When enticing children to savour new flavours, there's no fast-track method to beat the green-eggs-and-ham syndrome, says Granger, whose youngest is just getting over the "white phase", a common childhood dietary phenomenon where children only consume white foods. In Bunny's case, this meant the toddler adhered to a diet of potatoes, rice and white bread. Granger cunningly got around his daughter by sticking malleable foods such as soft cheese and avocado onto the white dishes.

"Children have a natural refusal to try new foods," he points out. "It's an inbuilt human thing. They're wary of being poisoned. The best thing is not to become neurotic about it. I praise my kids for trying new things -even if they don't like them. Just don't stop serving new foods. A lot of parents get tired and they don't want a battle at the end of the day. Unfortunately, there's no easy way out. Just keep putting different food on the plate - perhaps add lemon juice or a tiny bit of salt - and don't make a big deal out of it. You don't want to give children a complicated relationship with food."
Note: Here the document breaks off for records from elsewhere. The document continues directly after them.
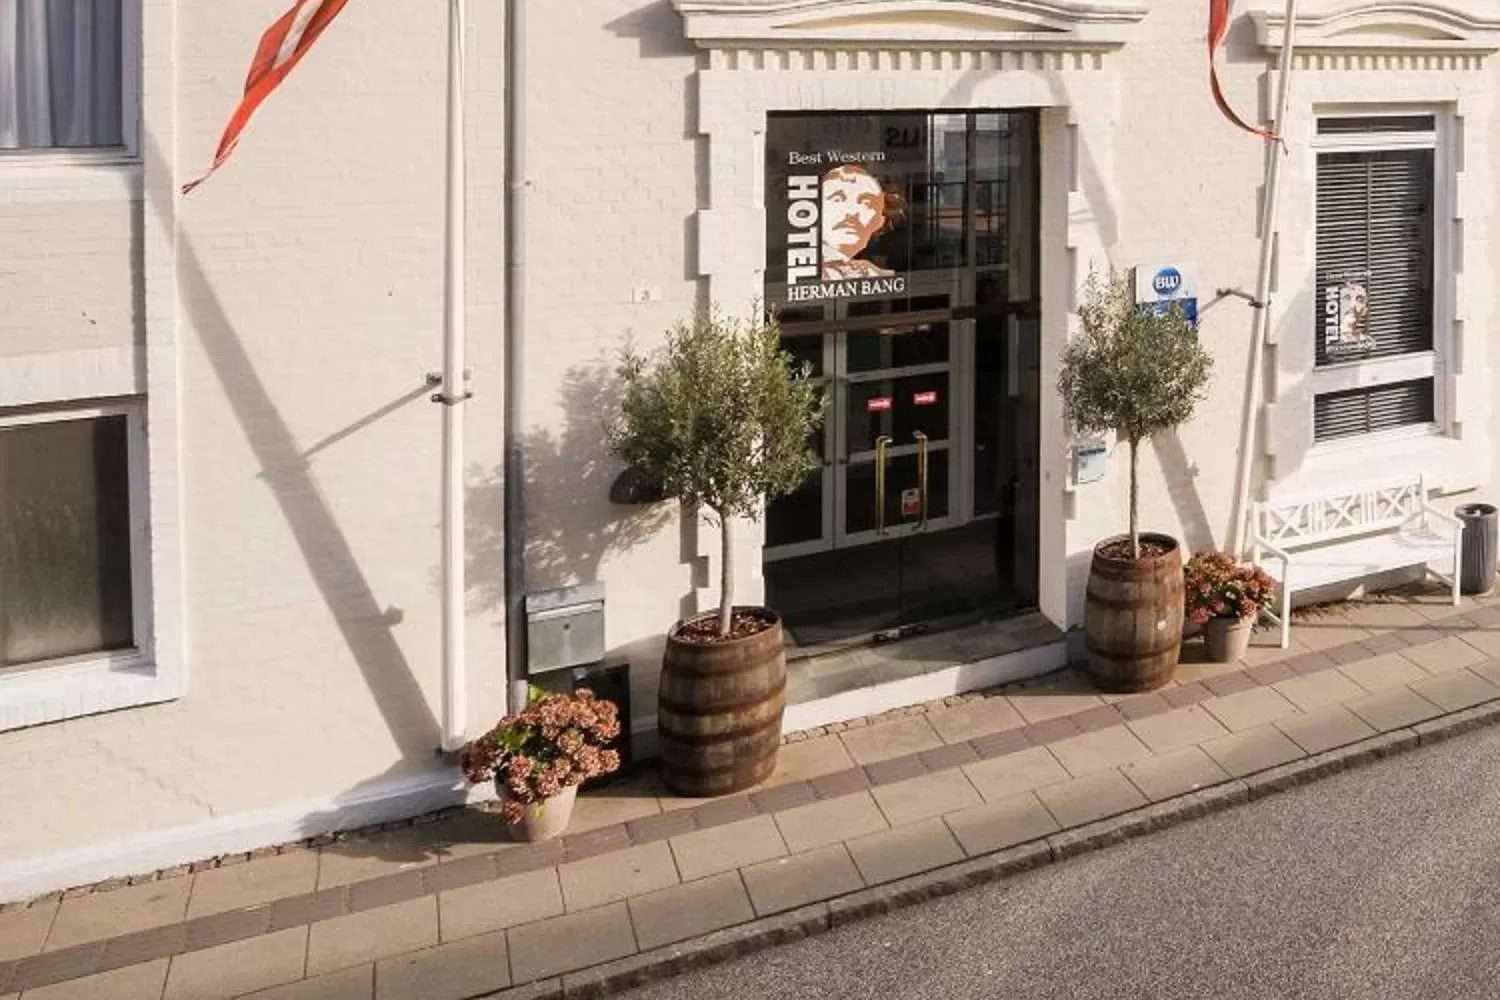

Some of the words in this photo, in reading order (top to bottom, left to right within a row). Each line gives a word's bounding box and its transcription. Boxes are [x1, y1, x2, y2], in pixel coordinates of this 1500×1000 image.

[788, 151, 822, 165] Best
[826, 150, 885, 164] Western
[787, 175, 819, 285] HOTEL
[787, 281, 857, 302] HERMAN
[861, 277, 905, 295] BANG
[1325, 286, 1339, 345] HOTEL
At 18 months old, Harry Moran was eating freshly shucked oysters. "I have a child who'll eat everything," says Matt Moran, owner and head chef of Sydney's Aria restaurant. Harry's now nearly five and can already spot the difference between Pacific and rock oysters (his favourite dish right now is prawn scampi with oysters). Moran's youngest child, Amelia, 15 months, has also developed an accommodating palate and he attributes his children's adventurous appetite to the fact that he was "anal" about their baby food. "Neither of my children was given tinned food," says Moran, who pureed peaches and apples and restaurant offcuts such as stewed fish and braised chicken. "I thought if anyone in the world can cook for their kids, it's someone like me," says Moran. "Part of Harry's palate is about genetics but he was also introduced to many different flavours at such a young age. Now he's obsessed with food."

Moran has no truck with the adage that children should be seen and not heard in restaurants. To date, Harry has dined at Sydney establishments Bistro Moncur, Tetsuya's and Balzac, where he developed a fondness for snails. "I want to eat out with my kids," says Moran. "Harry loves the whole ritual of eating out. He sits at the table with his hands folded and just waits. He knows to be polite to waiters and he's probably better behaved than many adults in restaurants."

Granger has also ensured his daughters are restaurant-trained. "It teaches kids about discipline around the table," he says. "Cafes are great because you can take them out without having to order a whole meal. You've got to remember that, with kids, they'll be your dining companions for life."

Weaning children off frozen chicken nuggets and onto pumpkin gnocchi with sage won't happen overnight but Alexander is optimistic. "If you open children's eyes to alternatives, they'll hopefully go on to be adventurous down the track. It's setting up a pattern for life."